Двор, мощённый крупным тёсаным булыжником, занимали самые разнообразные скульптуры. Тут стояли как небольшие работы второстепенных божеств, типа Селены и Пана, сделанные для окраинных небогатых храмов, так и монументальные, в виде главной покровительницы города, изображённой в гордой статичной позе защитницы. В углу двора в ряд были выстроены фигуры нимф, одну из них на безжалостном солнцепёке расписывал юноша, почти мальчик, по имени Пэн в смешной красной шапочке; он тщательно обрисовывал охрой веко мраморного личика. Но особо выделялась на общем фоне скульптура обнажённой женщины, не полностью ещё законченная. Смелый художник не постеснялся показать зрителям своё умение, точно и уверенно передать красоту женского тела. Вот только голова и закинутая за неё правая рука были лишь намечены.
Хотя натура была совсем несложна для подобного мастера, а характерные черты и вовсе упрощали задачу, скульптор никак не мог ухватить сущность портрета философа. Большой мясистый нос, лысая голова, выдающийся широкий лоб, кустистая борода и усы, прищуренные глаза… да! вот глаза и вокруг них; никак не удаётся попасть. «В чём же дело…» – бормотал про себя Оселок. Опытный скульптор работал сразу в мраморе, не делая предварительного глиняного эскиза, и он уже пожалел об этом, так как вынужден был срубить один слой из-за допущенной ошибки, что сделало работу чуть меньше.
Молоток звякнул о скарпель, скарпель отколол кусок мрамора большего, чем нужно, размера.

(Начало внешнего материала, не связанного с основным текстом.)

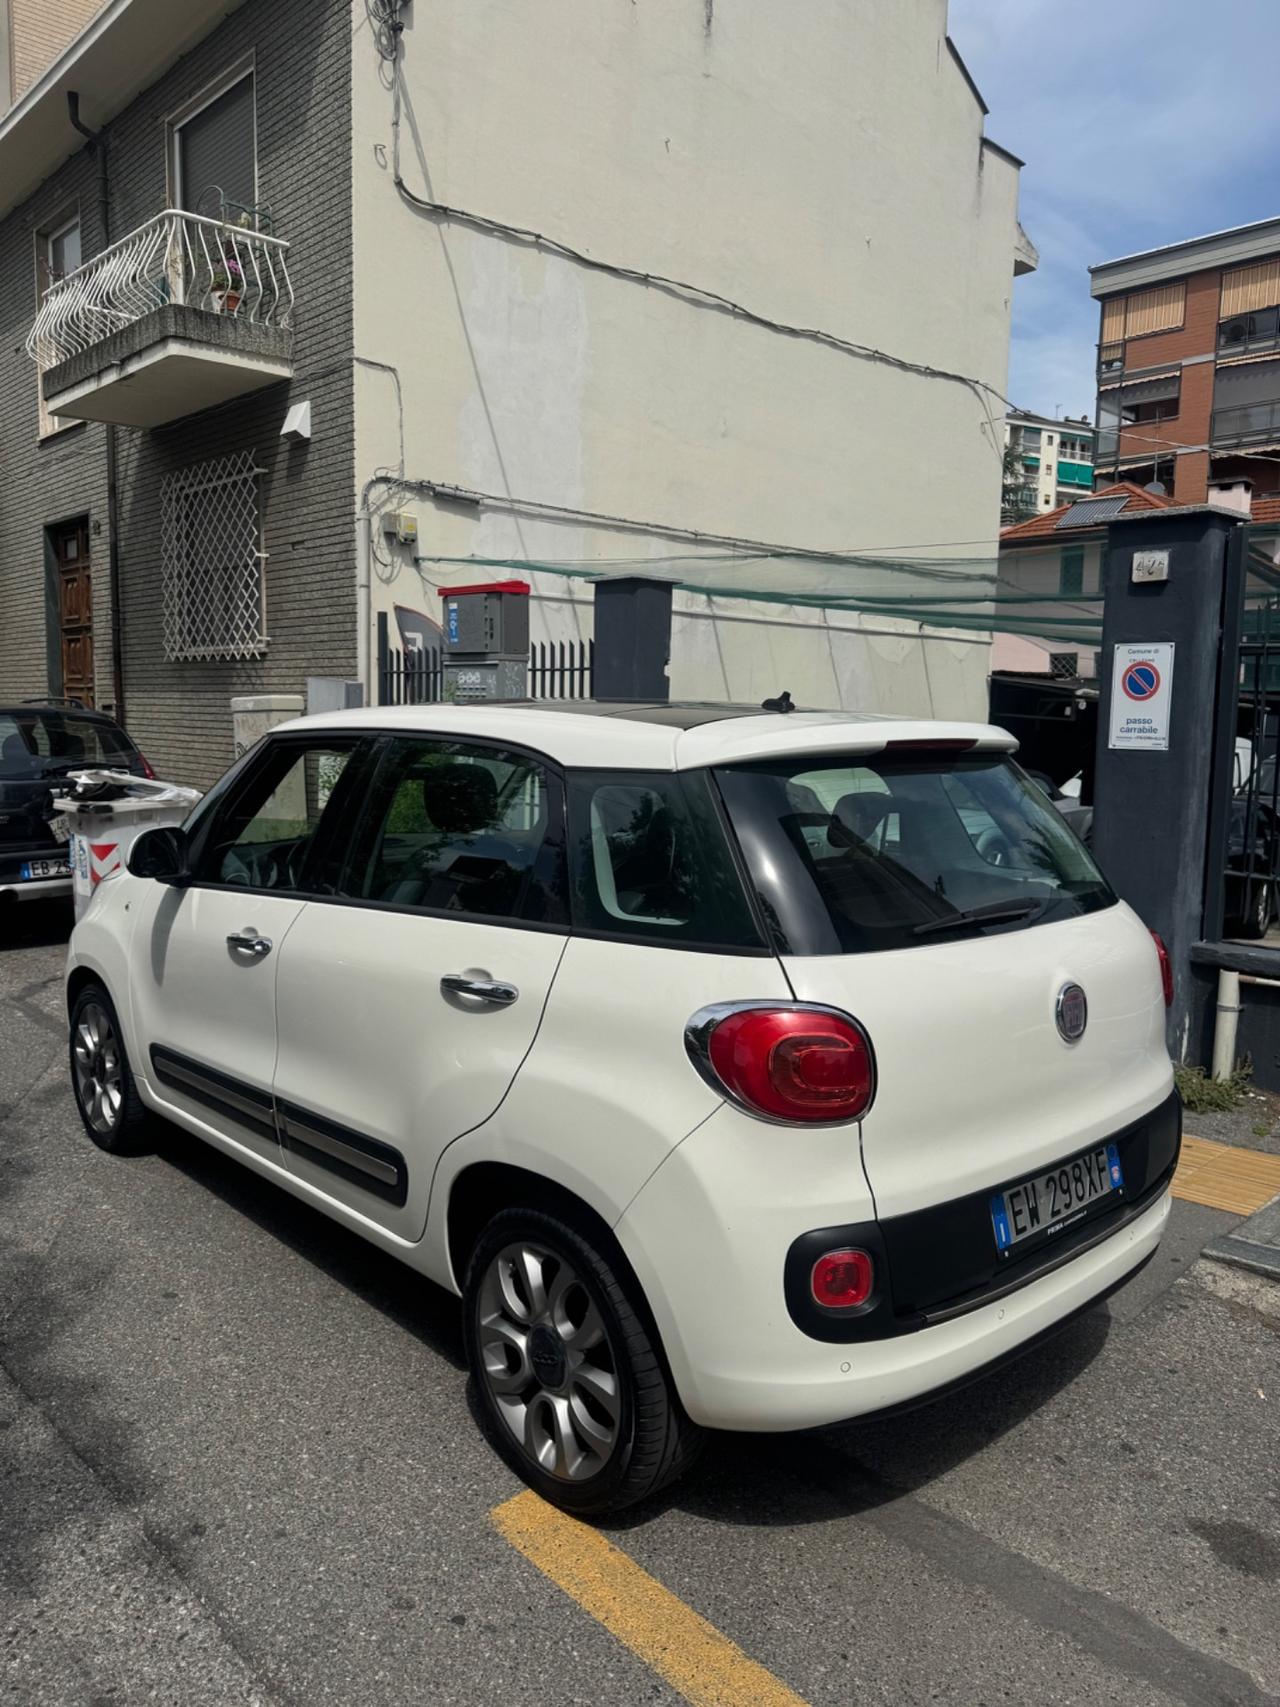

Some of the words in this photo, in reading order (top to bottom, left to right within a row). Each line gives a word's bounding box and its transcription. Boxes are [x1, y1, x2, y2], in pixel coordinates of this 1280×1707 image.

[1126, 718, 1153, 726] passo
[1119, 726, 1159, 734] carrabile
[31, 860, 50, 877] EB
[1009, 1183, 1040, 1236] EW
[1046, 1150, 1107, 1218] 298XF
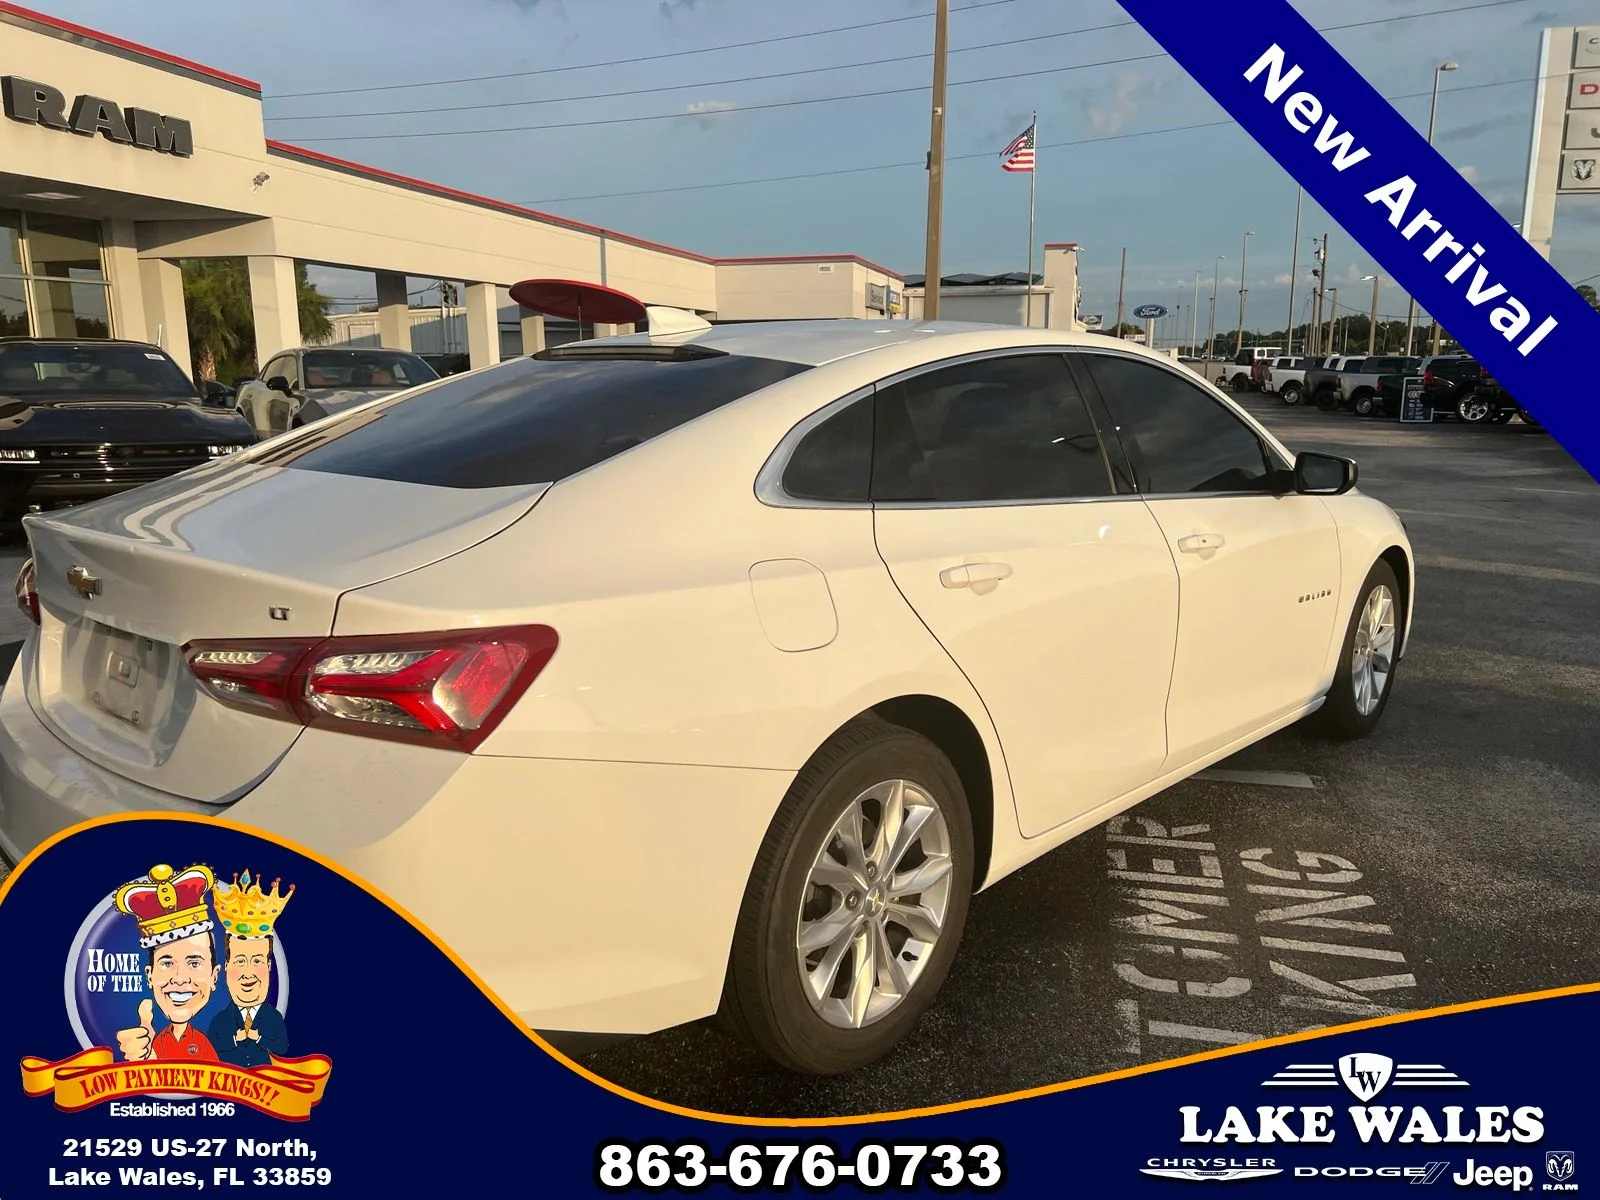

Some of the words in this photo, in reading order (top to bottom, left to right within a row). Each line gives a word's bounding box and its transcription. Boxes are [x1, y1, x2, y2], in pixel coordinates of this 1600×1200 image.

Скульптор отложил инструмент и сел на низенькую табуретку, уставившись в пол. Юноша-подмастерье хотел было пройти через навес в дом за водой, но Оселок так рявкнул на того, что парень в испуге отбежал.
– Зря ты на него так, вспомни себя в молодости.
Вместо ответа скульптор недовольно сплюнул мраморную пыль.
– Скажи-ка, что, Мелисса больше не приходит позировать тебе? – Деметрий указал рукой на мраморное изваяние.
– Обещала вчера прийти, да не зашла. А без неё или с другой заканчивать не хочу.
– Видал я её дней пять назад. Хорошо, что я равнодушен к женщинам и на всякий случай к мужчинам.
После некоторой паузы Деметрий, расправляя усы, задумчиво продолжил:
– Гулял вчера по городу и встретил у гигийских бань старика Эфора. Он как раз вернулся из дальнего путешествия, дошёл да края земли, хотя у меня есть подозрение, что это не так. Но не суть, послушал я его рассказы о разных странах и дивных варварах, самые чудные из которых, сколоты, и соседние с ними племена обитают севернее Пантикапея и на полуострове Таврика, что на Понте.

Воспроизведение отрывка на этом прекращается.